If you have pictures of your tortoise with a family member, or if the tortoise has any identifying marks, it holds more weight, but it will be up to the new owner to give it back.

Hopefully they will do the right thing.


----------



## Laura (Nov 11, 2010)

i know at our shelter.. if the real owner comes to claim the dog with in 30 days.. the new family has to give it up.. not that I agree with that.. but it has happened.. 
not the same with torts?


----------



## harris (Nov 11, 2010)

What a sad story. I really hope you get him back. The commitment your family has made for the past 50 years is remarkable.


----------



## Jacqui (Nov 11, 2010)

untangledescapes said:


> We have a California desert tortoise that had been a treasured member of our family for approximately 50 years. She has never escaped, but due to this crazy weather when she was thought to be in Hibernian she was out cruising the neighborhood. Once she was found instead of posting fliers to find her owners she was given to the animal shelter. A friend of the family who is a Fish & game warden heard too late at work about this and by the time he contacted the family it had been a few weeks and Creepy was already sent to a home. The shelter gave us the make but the man has made no effort to return the phone call.
> 
> As. The family had to prove ownership more than 20 yrs ago and that the Former neighbor is a Fish & game warden who can verify the ownership you would think that creepy would be returned.
> 
> ...




Can I ask what state your in? Also as asked before, this animal has no permanent ID numbers on her, correct?

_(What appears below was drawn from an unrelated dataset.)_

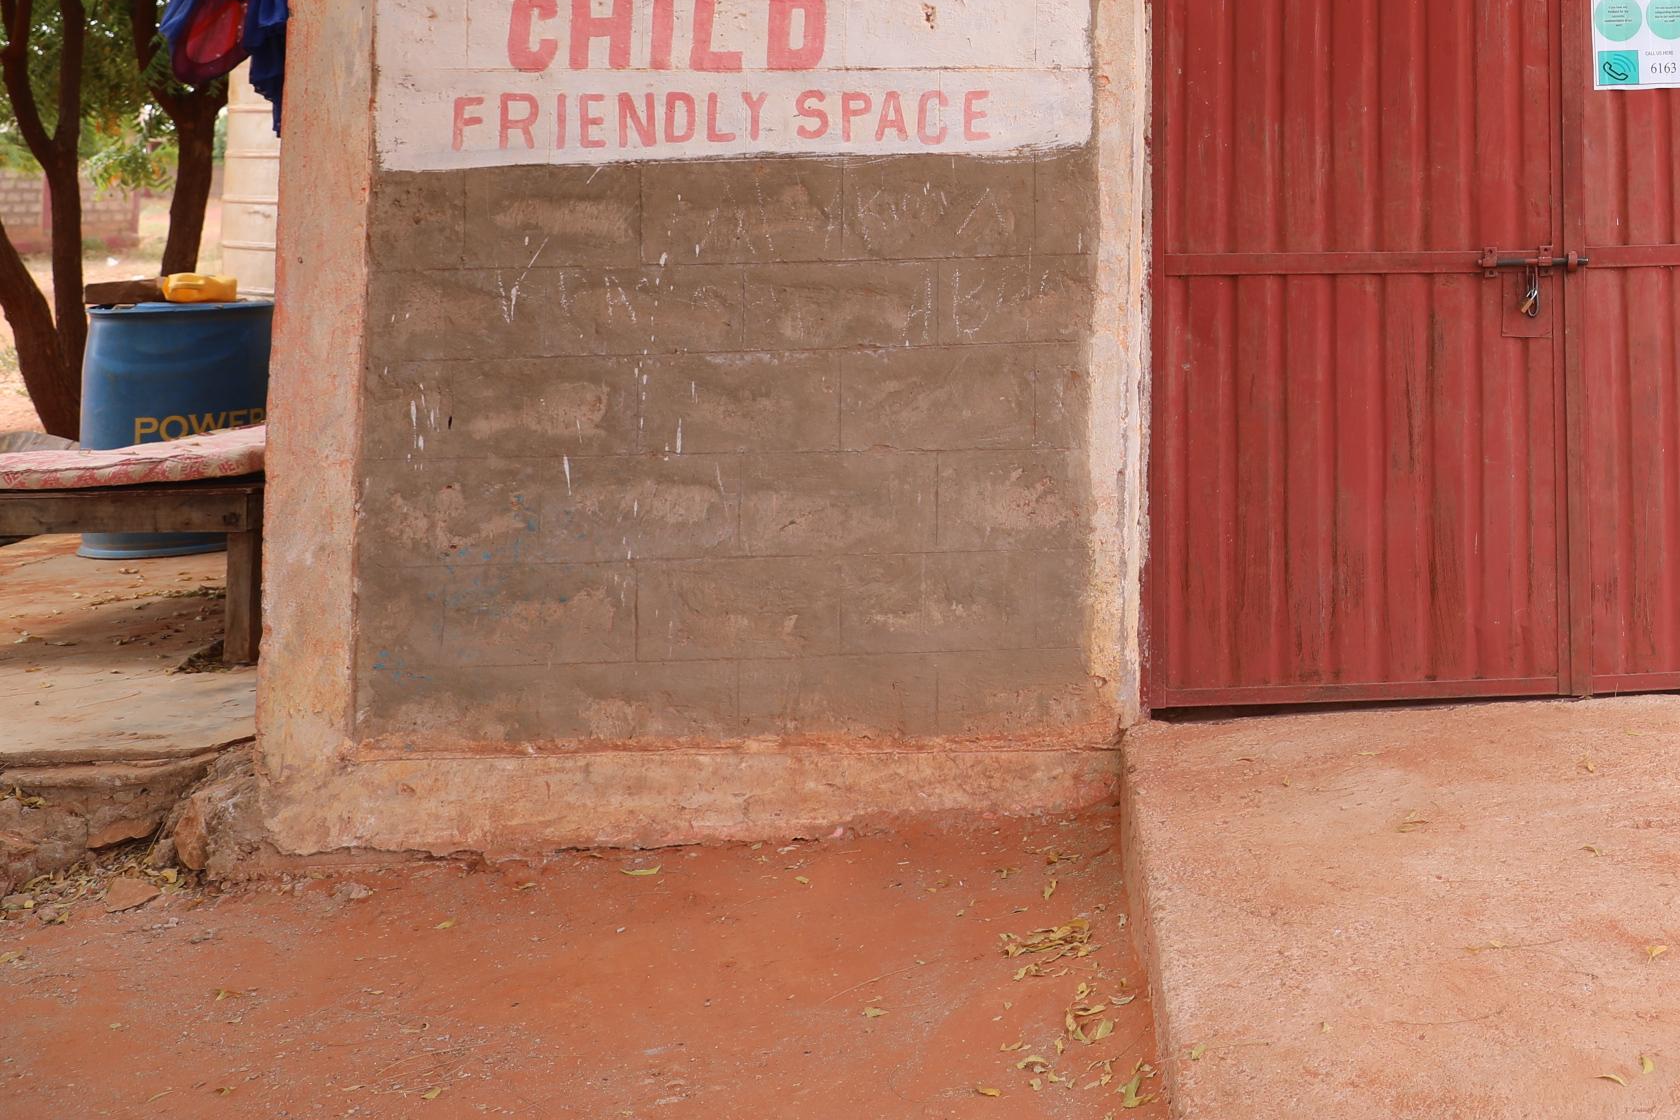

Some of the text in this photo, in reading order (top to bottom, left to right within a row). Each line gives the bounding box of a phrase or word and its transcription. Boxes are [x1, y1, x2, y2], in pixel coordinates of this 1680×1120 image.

[1650, 62, 1677, 74] 6163
[451, 88, 992, 152] FRIENDLY SPACE
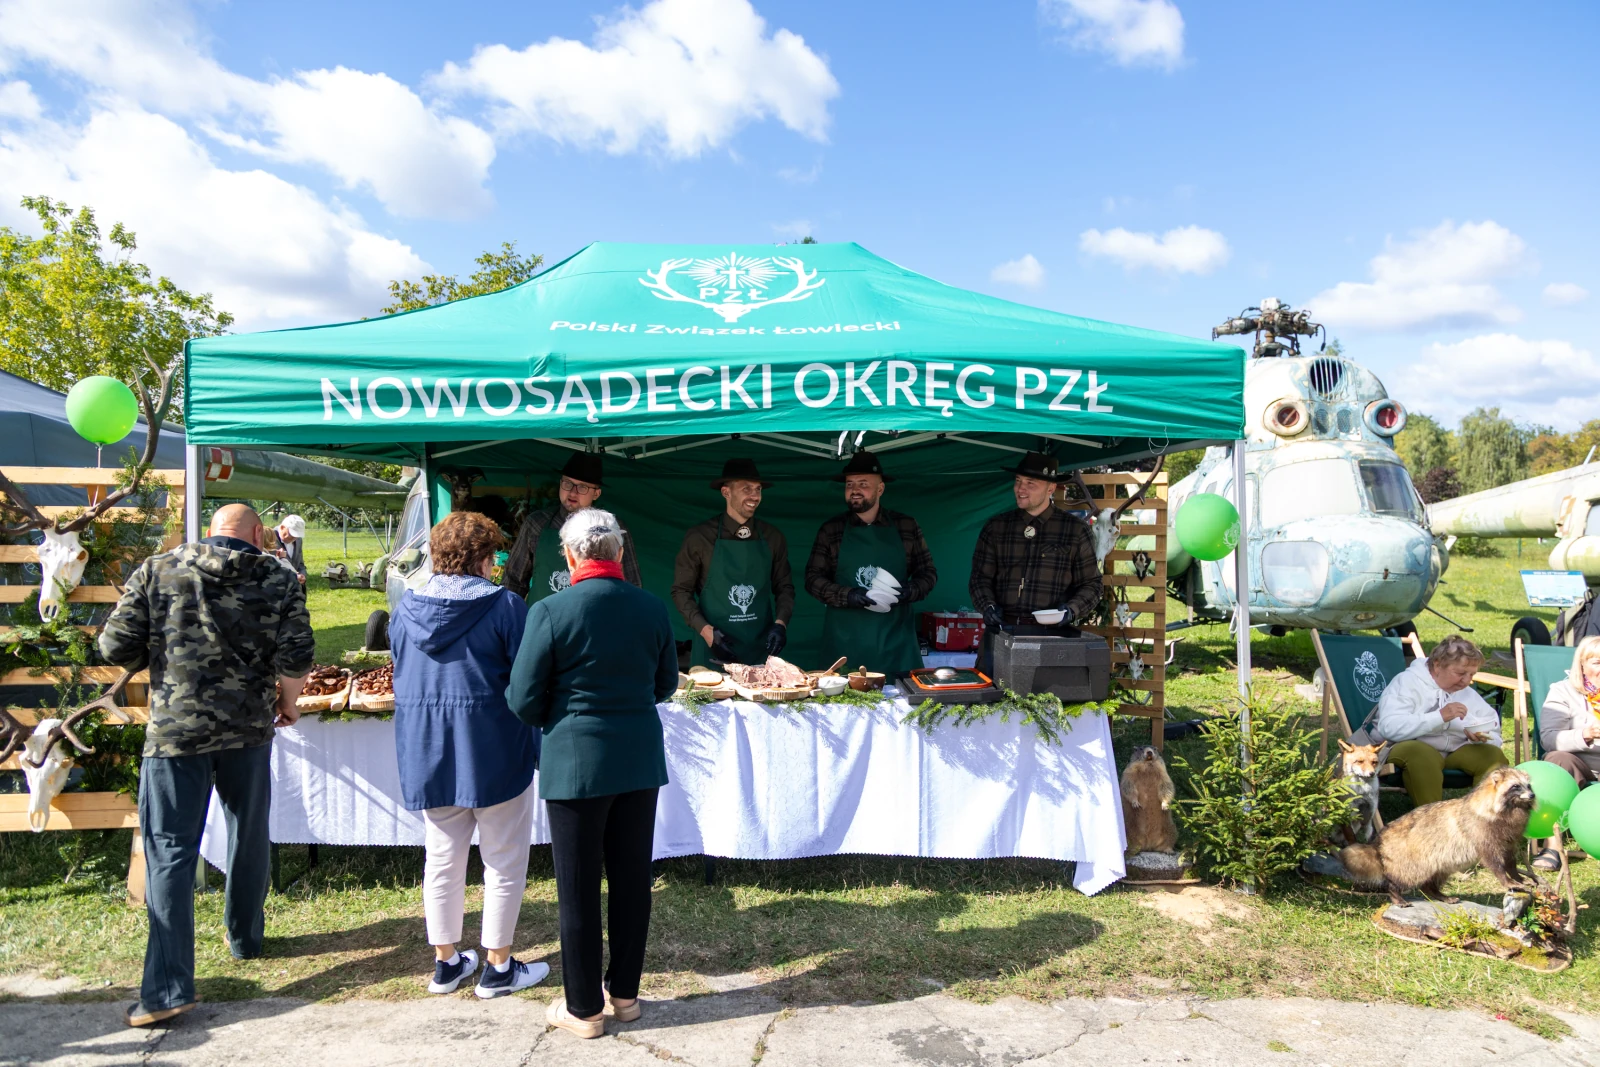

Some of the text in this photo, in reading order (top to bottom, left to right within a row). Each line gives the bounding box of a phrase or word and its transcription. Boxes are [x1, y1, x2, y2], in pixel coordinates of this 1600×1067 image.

I can understand the person who found the animal, not wanting to be bothered with trying to also find the owners by posting fliers. That would be an added commitment of time and expense, not to mention then they would have to keep the animal for awhile. Perhaps they didn't have the time,money or ability to even temporarily house the tortoise. Just be thankful they did the correct thing and at least took the animal to the shelter.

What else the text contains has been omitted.